I have following dataframe in which I want to make a cumulative sum on a certain column (Value), together with a group by on field Group, but reset that cumulative sum to 0 when a value in another column (Quantity) is 0.
| Group | Quantity | Value | Cumulative_sum |
|---|---|---|---|
| A | 10 | 200 | 200 |
| B | 5 | 300 | 300 |
| A | 1 | 50 | 250 |
| A | 0 | 100 | 0 |
| C | 5 | 400 | 400 |
| A | 10 | 300 | 300 |
| B | 10 | 200 | 500 |
| A | 15 | 350 | 650 |
I have tried working with blocks like in the code below, but the issue is that it doesn't do the cumulative sum correctly:
blocks = df['Quantity'].eq(0)[::-1].cumsum()[::-1]

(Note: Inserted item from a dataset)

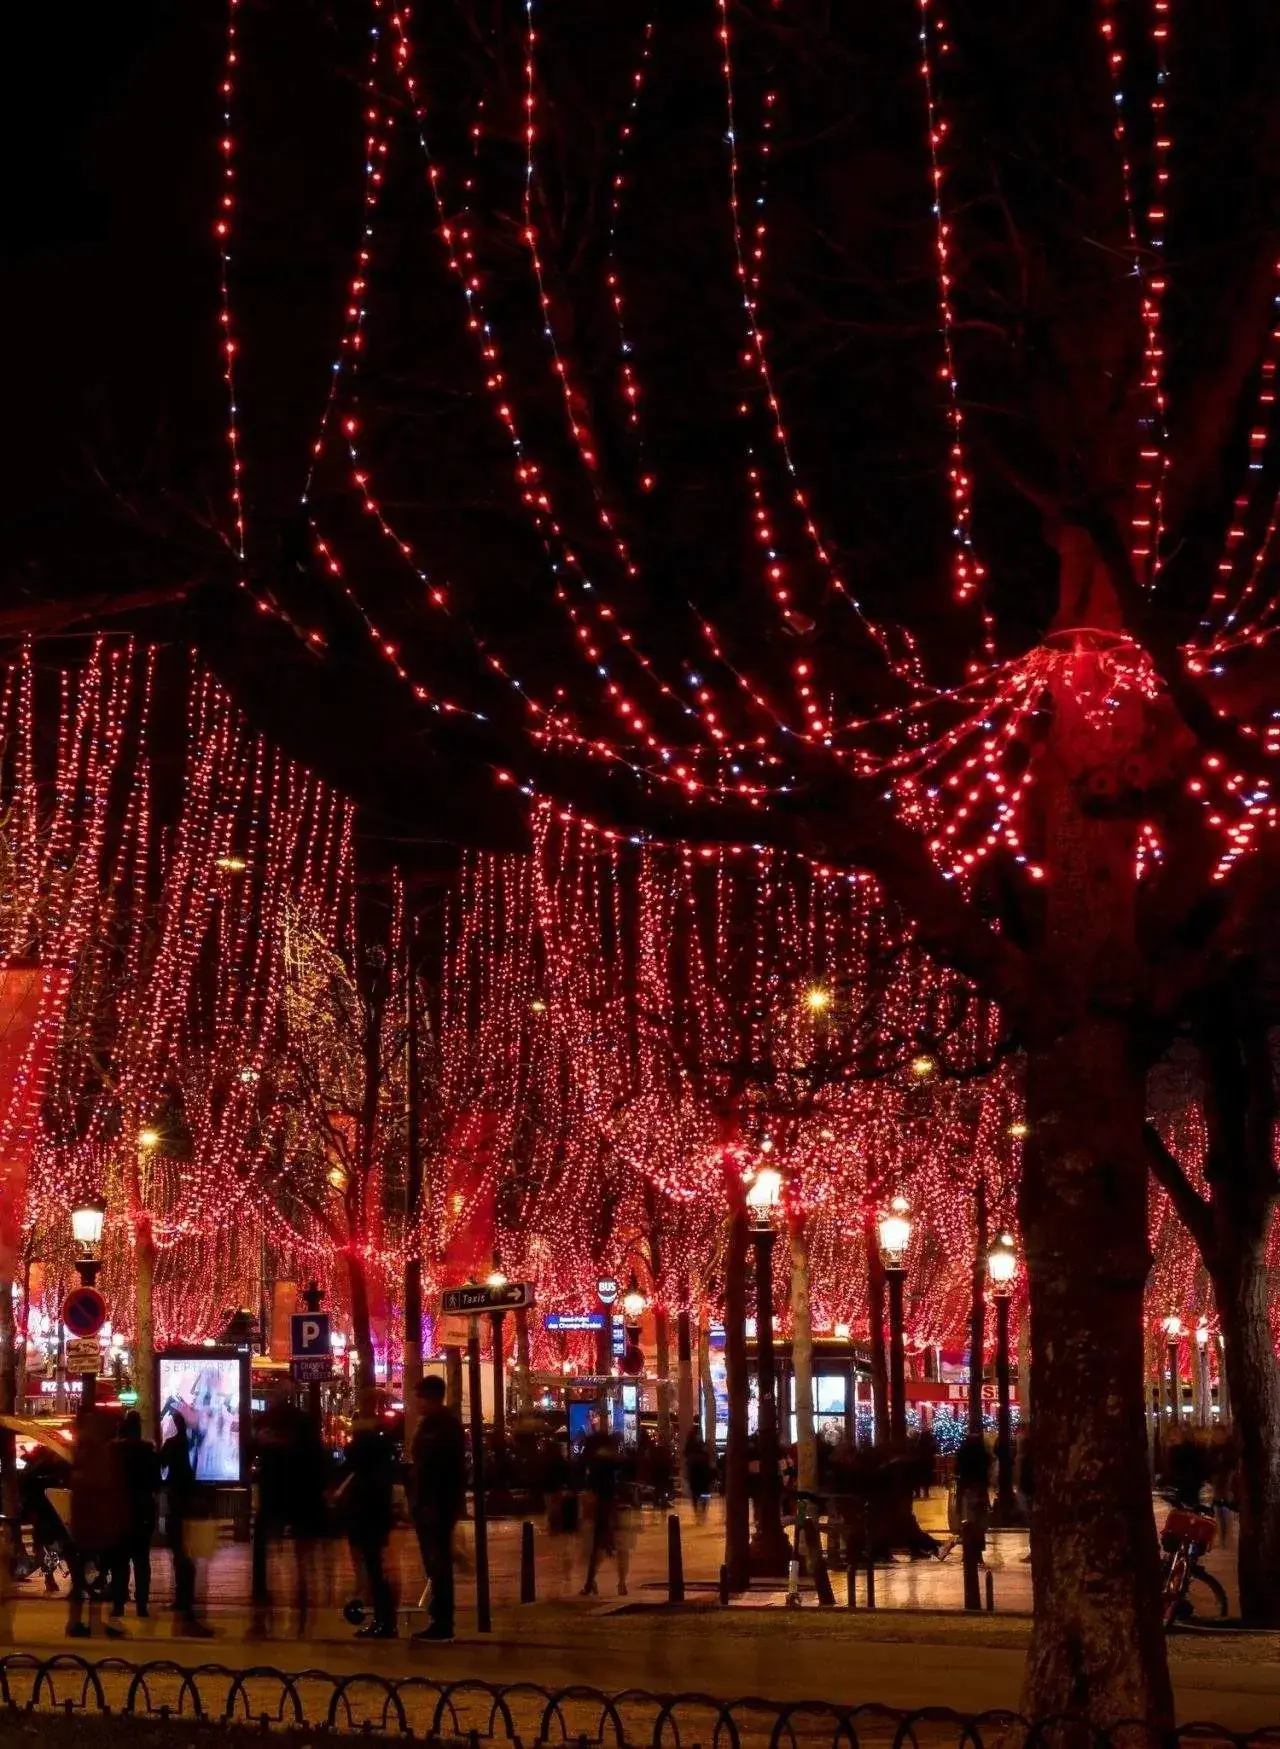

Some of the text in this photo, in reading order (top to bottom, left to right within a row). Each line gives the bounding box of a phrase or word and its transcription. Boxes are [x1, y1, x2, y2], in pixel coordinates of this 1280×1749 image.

[598, 1281, 616, 1291] BUS
[463, 1293, 485, 1304] Taxis
[302, 1321, 320, 1348] P

df['temp_field'] = (df.groupby(['Group', blocks])
['Value'].cumsum()
.where(df['Quantity']!=0,df['Value'])
)
df['Cumulative_sum'] = np.where(df['Quantity'] == 0, 0, df['temp_field'])
Could anyone help with this?
For the given resetting condition, use groupby.cumsum to create a Reset grouper that tells us when Quantity hits 0 within each Group:
condition = df.Quantity.eq(0)
df['Reset'] = condition.groupby(df.Group).cumsum()
# Group Quantity Value Cumulative_sum Reset
# 0 A 10 200 200 0
# 1 B 5 300 300 0
# 2 A 1 50 250 0
# 3 A 0 100 0 1
# 4 C 5 400 400 0
# 5 A 10 300 300 1
# 6 B 10 200 500 0
# 7 A 15 350 650 1
mask the Value column whenever the resetting condition is met and use another groupby.cumsum on both Group and Reset:
df['Cumul'] = df.Value.mask(condition, 0).groupby([df.Group, df.Reset]).cumsum()
# Group Quantity Value Cumulative_sum Reset Cumul
# 0 A 10 200 200 0 200
# 1 B 5 300 300 0 300
# 2 A 1 50 250 0 250
# 3 A 0 100 0 1 0
# 4 C 5 400 400 0 400
# 5 A 10 300 300 1 300
# 6 B 10 200 500 0 500
# 7 A 15 350 650 1 650